Excerpted data
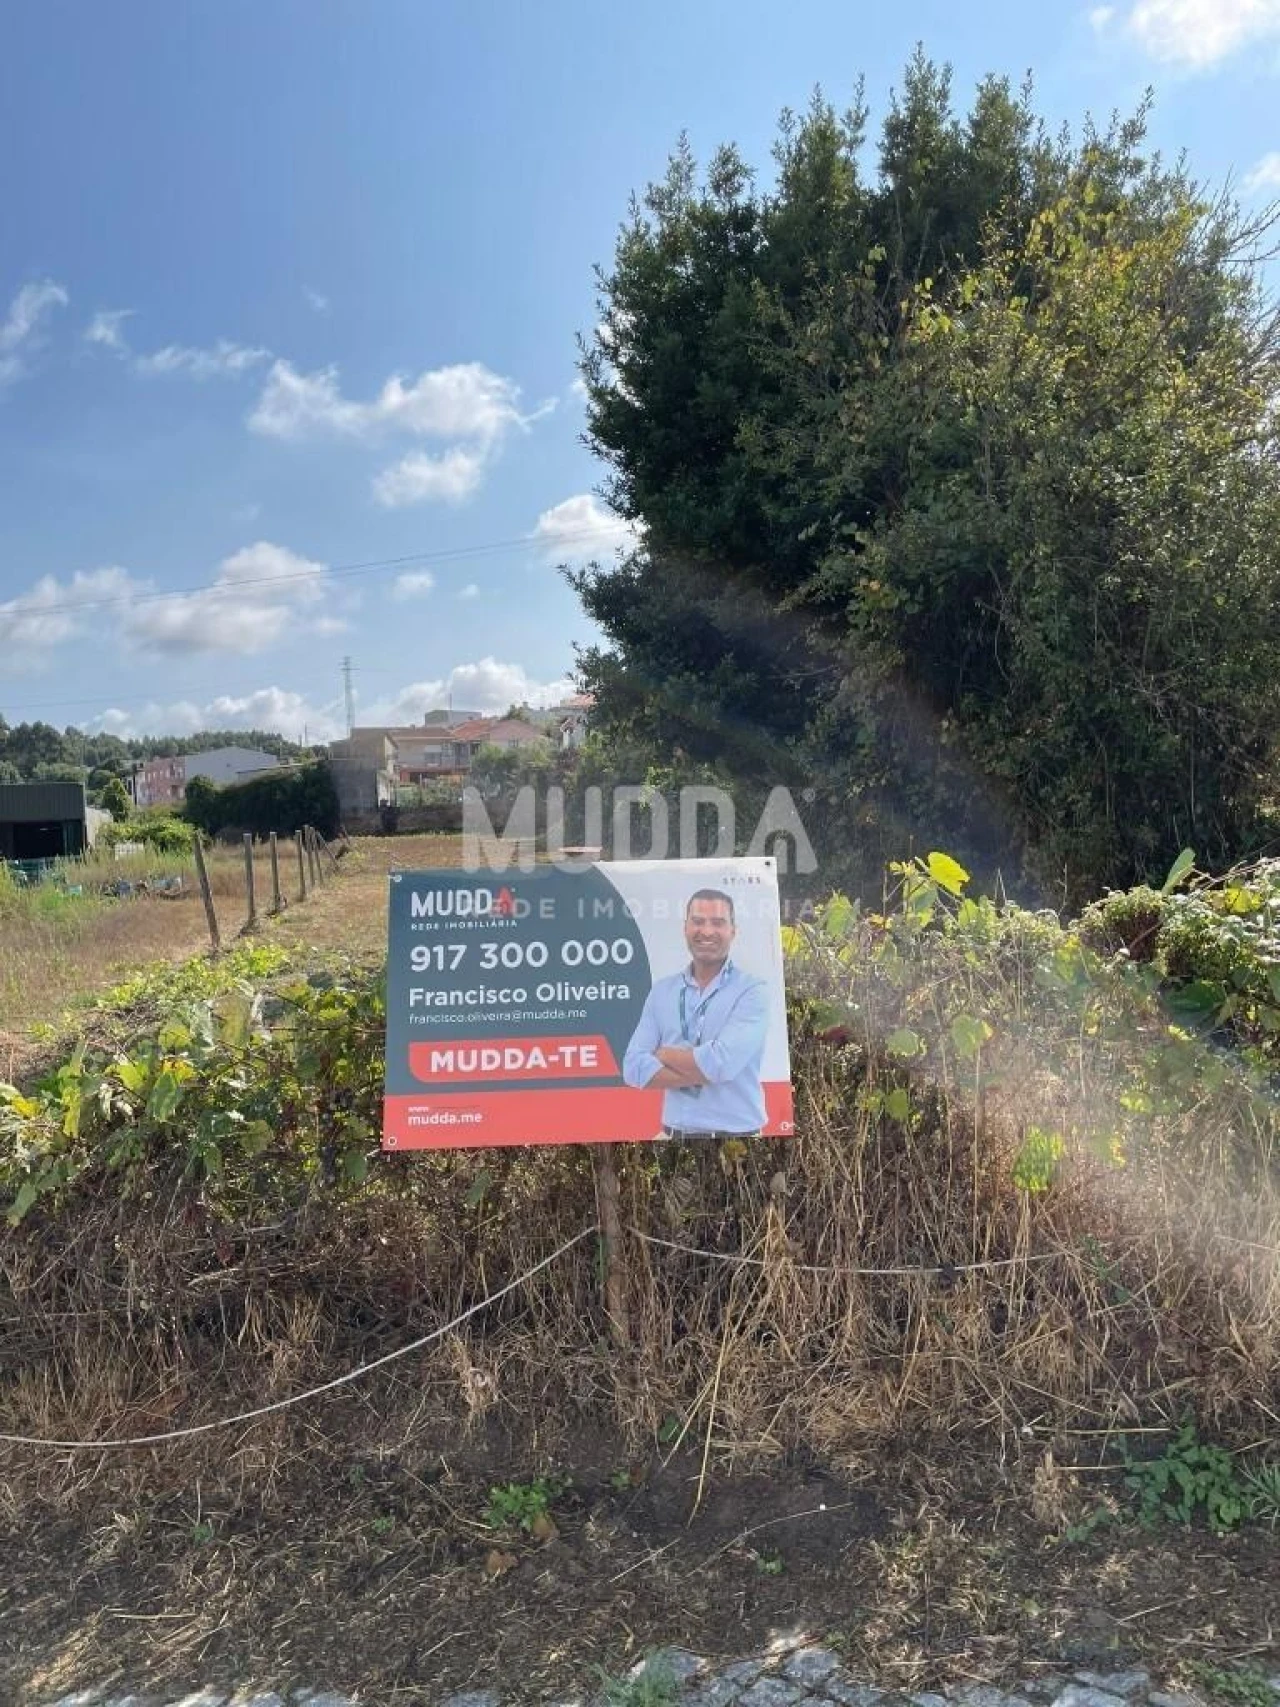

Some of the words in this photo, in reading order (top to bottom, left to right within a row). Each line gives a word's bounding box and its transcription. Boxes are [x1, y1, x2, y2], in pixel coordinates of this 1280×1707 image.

[411, 887, 514, 917] MUDDA
[411, 922, 439, 931] REDE
[410, 944, 467, 971] 917
[479, 941, 548, 969] 300
[560, 938, 633, 966] 000
[409, 986, 527, 1007] Francisco
[536, 981, 631, 1002] Oliveira
[430, 1045, 598, 1073] MUDDA-TE
[408, 1112, 483, 1126] mudda.me

To do
Word for word, restate the records shown above, minus the pictures.

Answer to this problem
Some of the words in this photo, in reading order (top to bottom, left to right within a row). Each line gives a word's bounding box and its transcription. Boxes are [x1, y1, x2, y2], in pixel coordinates of this 1280×1707 image.

[411, 887, 514, 917] MUDDA
[411, 922, 439, 931] REDE
[410, 944, 467, 971] 917
[479, 941, 548, 969] 300
[560, 938, 633, 966] 000
[409, 986, 527, 1007] Francisco
[536, 981, 631, 1002] Oliveira
[430, 1045, 598, 1073] MUDDA-TE
[408, 1112, 483, 1126] mudda.me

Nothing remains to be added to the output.